Há erotismo em A extinção das abelhas. É um Eros devorador. Ao mesmo tempo transcendente, poético, denso. Não há como não mergulhar com as personagens nestes devaneios entre carnais e existenciais. “Começamos a nos beijar. Eu já tava molhada, eu tava molhada o tempo todo, em todos os lugares, completamente úmida, morrendo de vontade de transar e de chorar, de me desaguar inteira e sumir pelas frestas do chão. A gente transou e chorou, e morremos as duas diversas e simultâneas vezes, e nos desaguamos pelas nossas frestas. Matamos uma à outra, matamos nossas vontades, e tentamos matar qualquer coisa que não pudesse existir apenas naquele momento.”

Há erotismo concentrado na subversão. A personagem central, ao prostituir-se via internet, explora a liberdade mais avançada do sexo. Vira de ponta cabeça os estereótipos do gênero. Uma mulher subverte o homem. “Eu nem sabia como aquelas palavras estavam saindo da minha boca. Ele foi meio que parando de arfar. O movimento do braço foi ficando lento e a cara dele foi mudando de excitação para desapontamento.” No indefectível capítulo “Definição”, o ato da mulher voraz que feminiza o parceiro (ou antiparceiro) do outro lado da tela é teorizado com lucidez, a lucidez dos tempos do caos. “Emascular: ato de extirpar a genitália externa masculina (masculina?): pênis e escroto com seu conteúdo (testículos). Dessa maneira, o indivíduo perde a sua capacidade de cópula e reprodução.” Mais adiante: “Emascular um homem cis era, em última análise torná-lo mulher. Ou homem trans. Submisso. Preenchível. Dominado. As palavras ‘reduziam’ o homem como se o resultado dessa redução fosse tratá-lo como mulher. Ou como um homem trans. Mesmo no sexo.”
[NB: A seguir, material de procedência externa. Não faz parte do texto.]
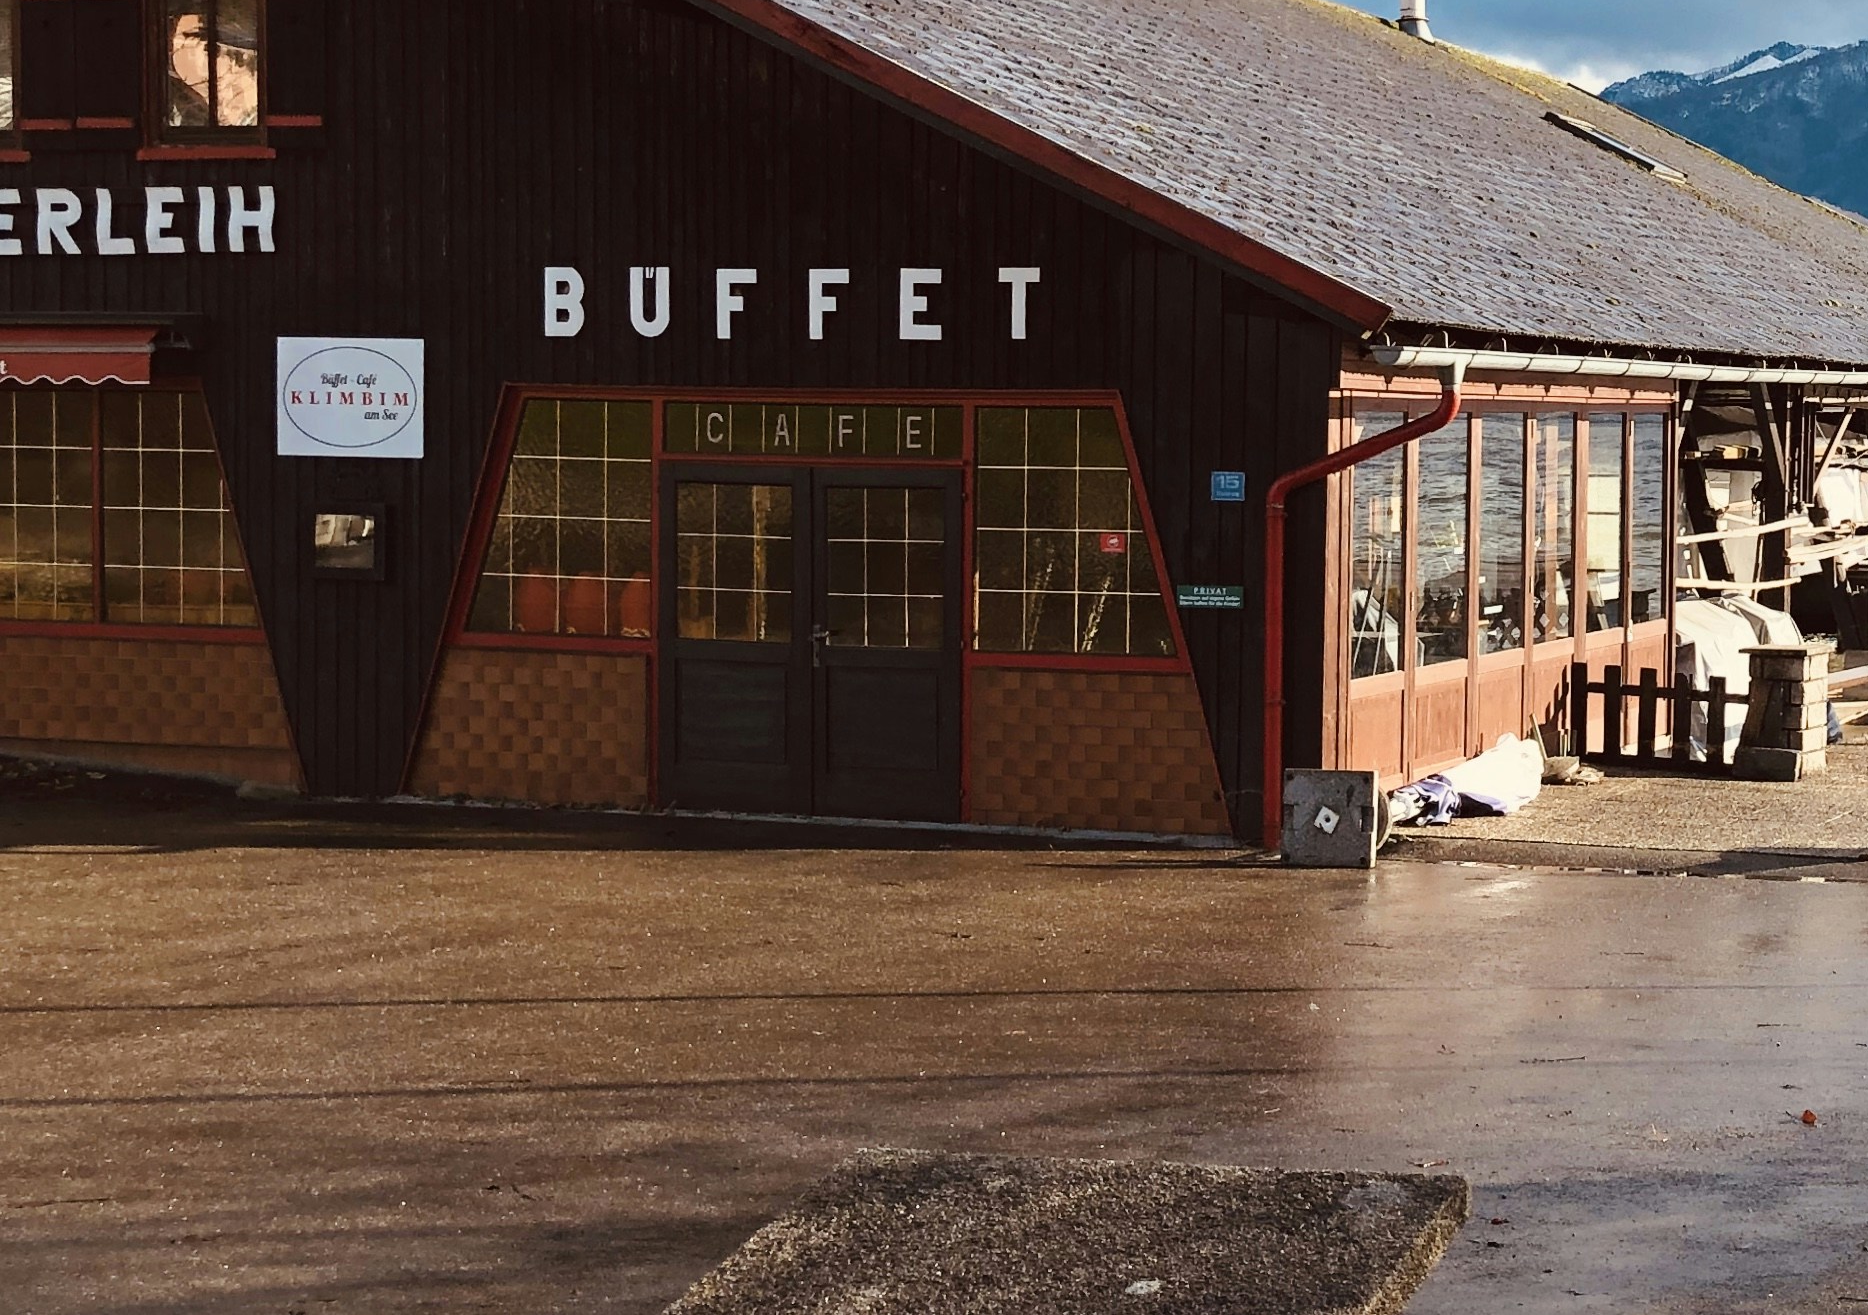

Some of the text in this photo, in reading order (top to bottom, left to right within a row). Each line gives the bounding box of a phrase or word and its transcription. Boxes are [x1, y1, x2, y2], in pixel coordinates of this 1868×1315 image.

[0, 186, 276, 255] ERLEIH
[545, 266, 1040, 341] BÜFFET
[291, 390, 409, 406] KLIMBIM
[364, 409, 399, 420] am See
[1216, 475, 1240, 489] 15
[1193, 586, 1227, 595] PRIVAT
Lado a lado com este transversal erótico pulsantemente fora dos trilhos, há o sarcasmo para o contemporâneo: “O maior inimigo do meio ambiente é a pobreza, porque as pessoas pobres destroem o meio ambiente para comer, disse o ministro da economia do Brasil no foro de Davos há alguns anos.” E a constatação central de A extinção das abelhas, um olhar para as relações não naturais do homem na natureza: “A natureza permaneceria, era sábia. O fim do mundo era o fim das pessoas. Por que não conseguiam fazer parte dele?” As relações particulares das personagens nas tramas de A extinção das abelhas buscam dar um sentido a todas estas coisas históricas: lembremos a dissertação de Polesso, história e literatura têm a mesma pretensão, significar os fatos.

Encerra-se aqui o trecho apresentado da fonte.